Items listed in a dataset
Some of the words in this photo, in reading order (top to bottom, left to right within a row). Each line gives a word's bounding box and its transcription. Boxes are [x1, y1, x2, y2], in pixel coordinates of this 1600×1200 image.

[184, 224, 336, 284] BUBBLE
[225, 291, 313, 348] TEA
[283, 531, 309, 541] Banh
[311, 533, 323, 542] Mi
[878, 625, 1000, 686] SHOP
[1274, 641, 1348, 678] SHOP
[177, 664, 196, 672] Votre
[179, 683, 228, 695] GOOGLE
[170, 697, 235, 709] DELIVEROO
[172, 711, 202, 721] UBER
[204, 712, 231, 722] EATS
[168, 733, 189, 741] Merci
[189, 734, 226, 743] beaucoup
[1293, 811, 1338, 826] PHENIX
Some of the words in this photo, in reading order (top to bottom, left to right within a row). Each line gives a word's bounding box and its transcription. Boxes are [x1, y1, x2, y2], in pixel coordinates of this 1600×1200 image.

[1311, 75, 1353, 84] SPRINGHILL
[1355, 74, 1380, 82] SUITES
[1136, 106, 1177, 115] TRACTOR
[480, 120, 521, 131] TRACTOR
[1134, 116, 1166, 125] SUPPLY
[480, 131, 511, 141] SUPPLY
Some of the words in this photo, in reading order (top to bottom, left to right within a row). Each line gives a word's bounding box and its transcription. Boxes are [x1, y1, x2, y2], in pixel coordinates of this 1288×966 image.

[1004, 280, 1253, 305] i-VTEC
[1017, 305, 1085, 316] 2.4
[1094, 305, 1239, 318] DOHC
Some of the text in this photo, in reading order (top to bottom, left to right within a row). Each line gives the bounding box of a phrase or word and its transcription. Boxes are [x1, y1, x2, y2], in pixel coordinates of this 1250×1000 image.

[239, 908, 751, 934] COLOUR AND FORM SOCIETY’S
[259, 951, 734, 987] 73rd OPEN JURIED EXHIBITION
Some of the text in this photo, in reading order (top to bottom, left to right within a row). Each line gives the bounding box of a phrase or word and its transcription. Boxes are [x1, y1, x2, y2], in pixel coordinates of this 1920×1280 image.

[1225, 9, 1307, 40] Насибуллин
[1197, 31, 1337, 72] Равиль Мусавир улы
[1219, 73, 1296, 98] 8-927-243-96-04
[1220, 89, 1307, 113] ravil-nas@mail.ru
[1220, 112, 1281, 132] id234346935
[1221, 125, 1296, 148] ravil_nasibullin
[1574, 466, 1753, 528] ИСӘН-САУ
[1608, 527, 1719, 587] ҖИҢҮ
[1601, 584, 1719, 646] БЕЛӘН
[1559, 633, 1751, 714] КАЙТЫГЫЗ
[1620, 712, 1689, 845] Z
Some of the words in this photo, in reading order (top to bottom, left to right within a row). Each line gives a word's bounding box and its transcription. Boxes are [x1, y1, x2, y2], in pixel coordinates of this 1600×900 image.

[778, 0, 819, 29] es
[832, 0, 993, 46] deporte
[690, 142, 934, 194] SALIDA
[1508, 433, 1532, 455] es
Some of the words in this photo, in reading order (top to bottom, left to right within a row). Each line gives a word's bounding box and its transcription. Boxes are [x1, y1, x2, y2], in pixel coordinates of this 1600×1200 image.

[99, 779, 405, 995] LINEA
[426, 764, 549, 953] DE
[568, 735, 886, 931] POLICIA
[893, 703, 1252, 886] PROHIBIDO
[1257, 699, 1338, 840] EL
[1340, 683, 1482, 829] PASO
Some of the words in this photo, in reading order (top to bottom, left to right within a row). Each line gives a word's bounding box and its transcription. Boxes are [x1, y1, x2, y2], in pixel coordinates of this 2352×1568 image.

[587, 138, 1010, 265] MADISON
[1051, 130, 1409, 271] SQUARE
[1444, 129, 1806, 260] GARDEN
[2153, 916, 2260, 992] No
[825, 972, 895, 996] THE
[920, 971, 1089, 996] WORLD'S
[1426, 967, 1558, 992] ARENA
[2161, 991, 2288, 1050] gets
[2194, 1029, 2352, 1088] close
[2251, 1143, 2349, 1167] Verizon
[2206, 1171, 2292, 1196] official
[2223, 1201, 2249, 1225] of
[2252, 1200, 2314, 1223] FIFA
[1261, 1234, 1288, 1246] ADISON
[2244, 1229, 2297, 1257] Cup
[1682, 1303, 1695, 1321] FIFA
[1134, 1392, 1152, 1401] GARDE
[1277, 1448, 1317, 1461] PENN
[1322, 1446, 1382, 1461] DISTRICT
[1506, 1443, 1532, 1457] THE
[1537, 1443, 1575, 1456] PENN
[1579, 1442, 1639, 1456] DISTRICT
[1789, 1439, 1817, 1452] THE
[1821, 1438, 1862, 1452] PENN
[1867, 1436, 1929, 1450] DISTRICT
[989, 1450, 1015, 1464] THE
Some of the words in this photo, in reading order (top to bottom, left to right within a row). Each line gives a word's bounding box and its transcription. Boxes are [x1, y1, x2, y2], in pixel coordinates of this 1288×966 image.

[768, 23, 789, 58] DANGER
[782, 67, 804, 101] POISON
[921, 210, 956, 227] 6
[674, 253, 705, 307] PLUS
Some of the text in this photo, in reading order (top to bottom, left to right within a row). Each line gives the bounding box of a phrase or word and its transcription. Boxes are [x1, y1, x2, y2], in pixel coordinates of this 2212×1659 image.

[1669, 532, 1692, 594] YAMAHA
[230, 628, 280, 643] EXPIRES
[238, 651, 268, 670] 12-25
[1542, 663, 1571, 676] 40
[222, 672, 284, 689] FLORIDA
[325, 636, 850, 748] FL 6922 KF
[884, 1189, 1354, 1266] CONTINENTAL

▸ TASK INSTRUCTIONS: Repeat all entries. Match them exactly.

▸ ANSWER TO THIS PROBLEM:
Some of the words in this photo, in reading order (top to bottom, left to right within a row). Each line gives a word's bounding box and its transcription. Boxes are [x1, y1, x2, y2], in pixel coordinates of this 1600×1200 image.

[184, 224, 336, 284] BUBBLE
[225, 291, 313, 348] TEA
[283, 531, 309, 541] Banh
[311, 533, 323, 542] Mi
[878, 625, 1000, 686] SHOP
[1274, 641, 1348, 678] SHOP
[177, 664, 196, 672] Votre
[179, 683, 228, 695] GOOGLE
[170, 697, 235, 709] DELIVEROO
[172, 711, 202, 721] UBER
[204, 712, 231, 722] EATS
[168, 733, 189, 741] Merci
[189, 734, 226, 743] beaucoup
[1293, 811, 1338, 826] PHENIX
Some of the words in this photo, in reading order (top to bottom, left to right within a row). Each line gives a word's bounding box and its transcription. Boxes are [x1, y1, x2, y2], in pixel coordinates of this 1600×1200 image.

[1311, 75, 1353, 84] SPRINGHILL
[1355, 74, 1380, 82] SUITES
[1136, 106, 1177, 115] TRACTOR
[480, 120, 521, 131] TRACTOR
[1134, 116, 1166, 125] SUPPLY
[480, 131, 511, 141] SUPPLY
Some of the words in this photo, in reading order (top to bottom, left to right within a row). Each line gives a word's bounding box and its transcription. Boxes are [x1, y1, x2, y2], in pixel coordinates of this 1288×966 image.

[1004, 280, 1253, 305] i-VTEC
[1017, 305, 1085, 316] 2.4
[1094, 305, 1239, 318] DOHC
Some of the text in this photo, in reading order (top to bottom, left to right within a row). Each line gives the bounding box of a phrase or word and its transcription. Boxes are [x1, y1, x2, y2], in pixel coordinates of this 1250×1000 image.

[239, 908, 751, 934] COLOUR AND FORM SOCIETY’S
[259, 951, 734, 987] 73rd OPEN JURIED EXHIBITION
Some of the text in this photo, in reading order (top to bottom, left to right within a row). Each line gives the bounding box of a phrase or word and its transcription. Boxes are [x1, y1, x2, y2], in pixel coordinates of this 1920×1280 image.

[1225, 9, 1307, 40] Насибуллин
[1197, 31, 1337, 72] Равиль Мусавир улы
[1219, 73, 1296, 98] 8-927-243-96-04
[1220, 89, 1307, 113] ravil-nas@mail.ru
[1220, 112, 1281, 132] id234346935
[1221, 125, 1296, 148] ravil_nasibullin
[1574, 466, 1753, 528] ИСӘН-САУ
[1608, 527, 1719, 587] ҖИҢҮ
[1601, 584, 1719, 646] БЕЛӘН
[1559, 633, 1751, 714] КАЙТЫГЫЗ
[1620, 712, 1689, 845] Z
Some of the words in this photo, in reading order (top to bottom, left to right within a row). Each line gives a word's bounding box and its transcription. Boxes are [x1, y1, x2, y2], in pixel coordinates of this 1600×900 image.

[778, 0, 819, 29] es
[832, 0, 993, 46] deporte
[690, 142, 934, 194] SALIDA
[1508, 433, 1532, 455] es
Some of the words in this photo, in reading order (top to bottom, left to right within a row). Each line gives a word's bounding box and its transcription. Boxes are [x1, y1, x2, y2], in pixel coordinates of this 1600×1200 image.

[99, 779, 405, 995] LINEA
[426, 764, 549, 953] DE
[568, 735, 886, 931] POLICIA
[893, 703, 1252, 886] PROHIBIDO
[1257, 699, 1338, 840] EL
[1340, 683, 1482, 829] PASO
Some of the words in this photo, in reading order (top to bottom, left to right within a row). Each line gives a word's bounding box and its transcription. Boxes are [x1, y1, x2, y2], in pixel coordinates of this 2352×1568 image.

[587, 138, 1010, 265] MADISON
[1051, 130, 1409, 271] SQUARE
[1444, 129, 1806, 260] GARDEN
[2153, 916, 2260, 992] No
[825, 972, 895, 996] THE
[920, 971, 1089, 996] WORLD'S
[1426, 967, 1558, 992] ARENA
[2161, 991, 2288, 1050] gets
[2194, 1029, 2352, 1088] close
[2251, 1143, 2349, 1167] Verizon
[2206, 1171, 2292, 1196] official
[2223, 1201, 2249, 1225] of
[2252, 1200, 2314, 1223] FIFA
[1261, 1234, 1288, 1246] ADISON
[2244, 1229, 2297, 1257] Cup
[1682, 1303, 1695, 1321] FIFA
[1134, 1392, 1152, 1401] GARDE
[1277, 1448, 1317, 1461] PENN
[1322, 1446, 1382, 1461] DISTRICT
[1506, 1443, 1532, 1457] THE
[1537, 1443, 1575, 1456] PENN
[1579, 1442, 1639, 1456] DISTRICT
[1789, 1439, 1817, 1452] THE
[1821, 1438, 1862, 1452] PENN
[1867, 1436, 1929, 1450] DISTRICT
[989, 1450, 1015, 1464] THE
Some of the words in this photo, in reading order (top to bottom, left to right within a row). Each line gives a word's bounding box and its transcription. Boxes are [x1, y1, x2, y2], in pixel coordinates of this 1288×966 image.

[768, 23, 789, 58] DANGER
[782, 67, 804, 101] POISON
[921, 210, 956, 227] 6
[674, 253, 705, 307] PLUS
Some of the text in this photo, in reading order (top to bottom, left to right within a row). Each line gives the bounding box of a phrase or word and its transcription. Boxes are [x1, y1, x2, y2], in pixel coordinates of this 2212×1659 image.

[1669, 532, 1692, 594] YAMAHA
[230, 628, 280, 643] EXPIRES
[238, 651, 268, 670] 12-25
[1542, 663, 1571, 676] 40
[222, 672, 284, 689] FLORIDA
[325, 636, 850, 748] FL 6922 KF
[884, 1189, 1354, 1266] CONTINENTAL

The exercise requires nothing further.